PET/CT Radiomic Sequencer for Prediction of EGFR and KRAS Mutation Status in NSCLC Patients

The aim of this study was to develop radiomic models using PET/CT radiomic features with different machine learning approaches for finding best predictive epidermal growth factor receptor (EGFR) and Kirsten rat sarcoma viral oncogene (KRAS) mutation status. Patients images including PET and CT [diagnostic (CTD) and low dose CT (CTA)] were pre-processed using wavelet (WAV), Laplacian of Gaussian (LOG) and 64 bin discretization (BIN) (alone or in combinations) and several features from images were extracted. The prediction performance of model was checked using the area under the receiver operator characteristic (ROC) curve (AUC). Results showed a wide range of radiomic model AUC performances up to 0.75 in prediction of EGFR and KRAS mutation status. Combination of K-Best and variance threshold feature selector with logistic regression (LREG) classifier in diagnostic CT scan led to the best performance in EGFR (CTD-BIN+B-KB+LREG, AUC: mean 0.75 sd 0.10) and KRAS (CTD-BIN-LOG-WAV+B-VT+LREG, AUC: mean 0.75 sd 0.07) respectively.
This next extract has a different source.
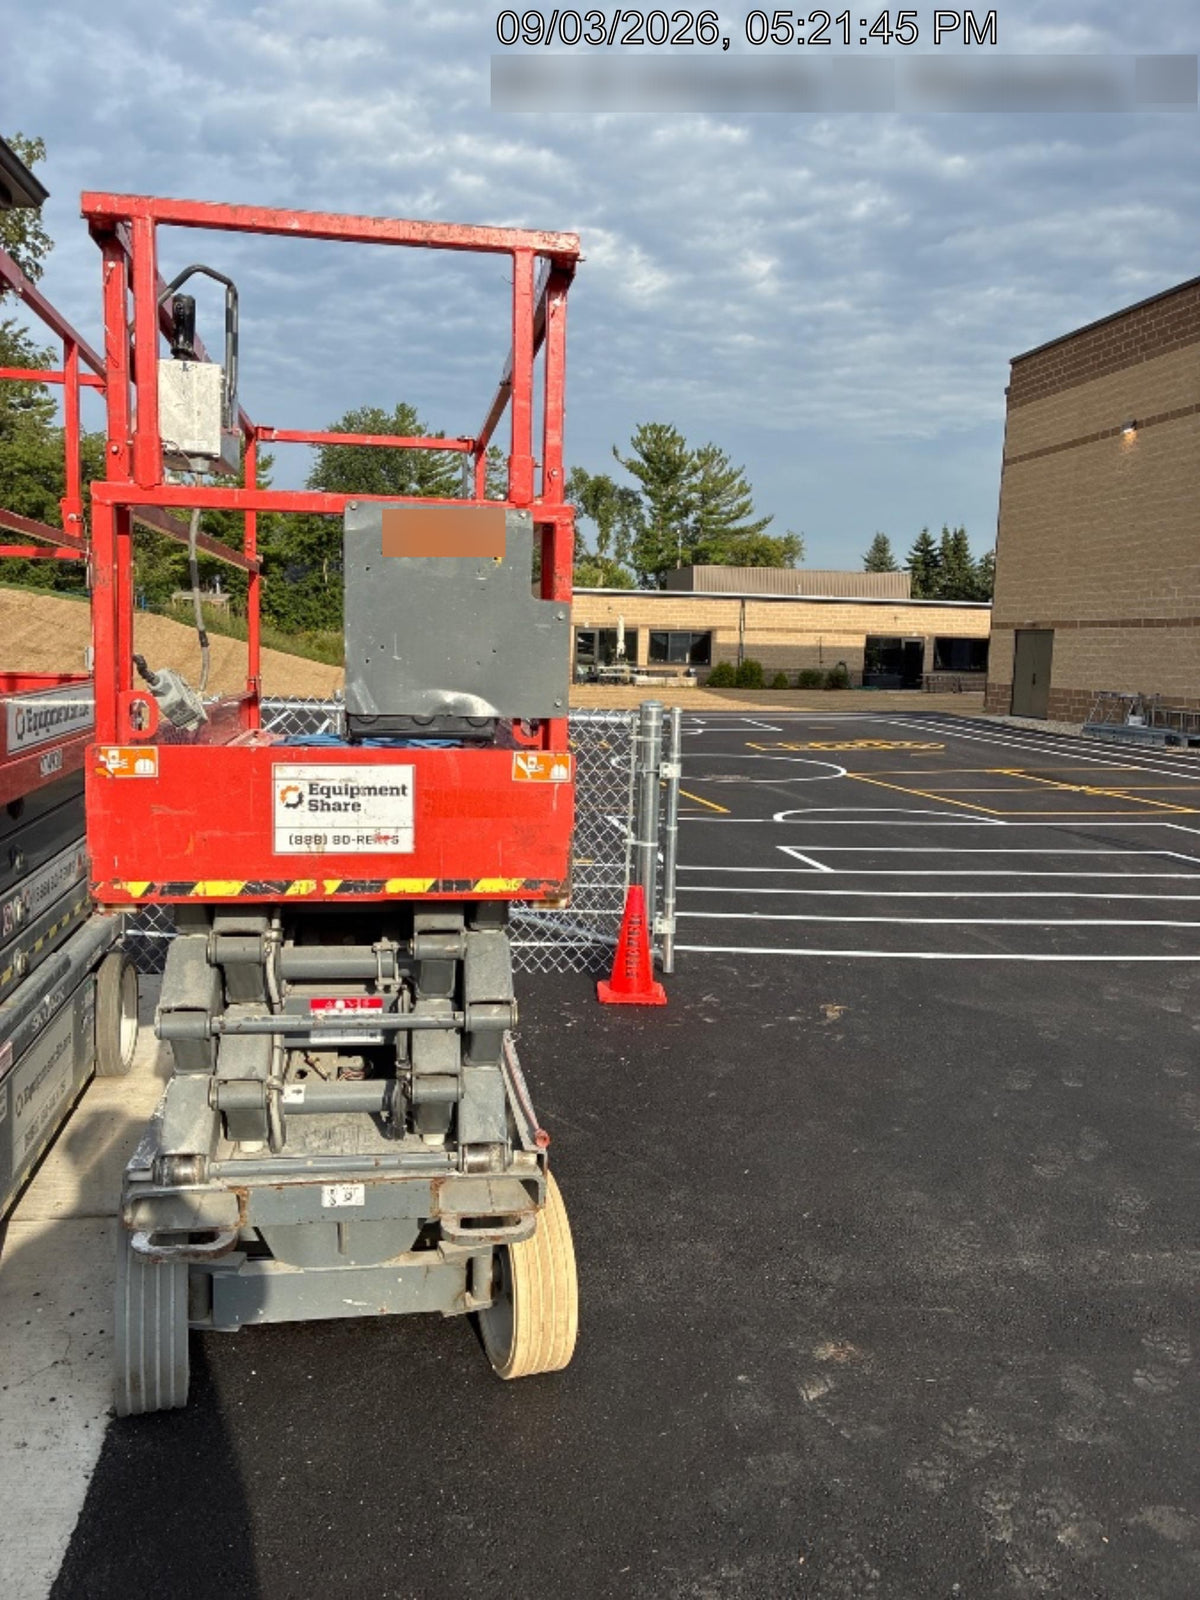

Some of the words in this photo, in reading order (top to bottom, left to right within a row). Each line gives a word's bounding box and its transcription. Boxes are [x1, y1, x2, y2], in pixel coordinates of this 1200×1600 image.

[308, 783, 408, 798] Equipment
[308, 799, 361, 812] Share
[332, 835, 399, 846] 80-RES
Additionally, incorporating PET, kept AUC values at ~0.74. When considering conventional features only, highest predictive performance was achieved by PET SUVpeak (AUC: 0.69) for EGFR and by PET MTV (AUC: 0.55) for KRAS. In comparison with conventional PET parameters such as standard uptake value, radiomic models were found as more predictive. Our findings demonstrated that non-invasive and reliable radiomics analysis can be successfully used to predict EGFR and KRAS mutation status in NSCLC patients.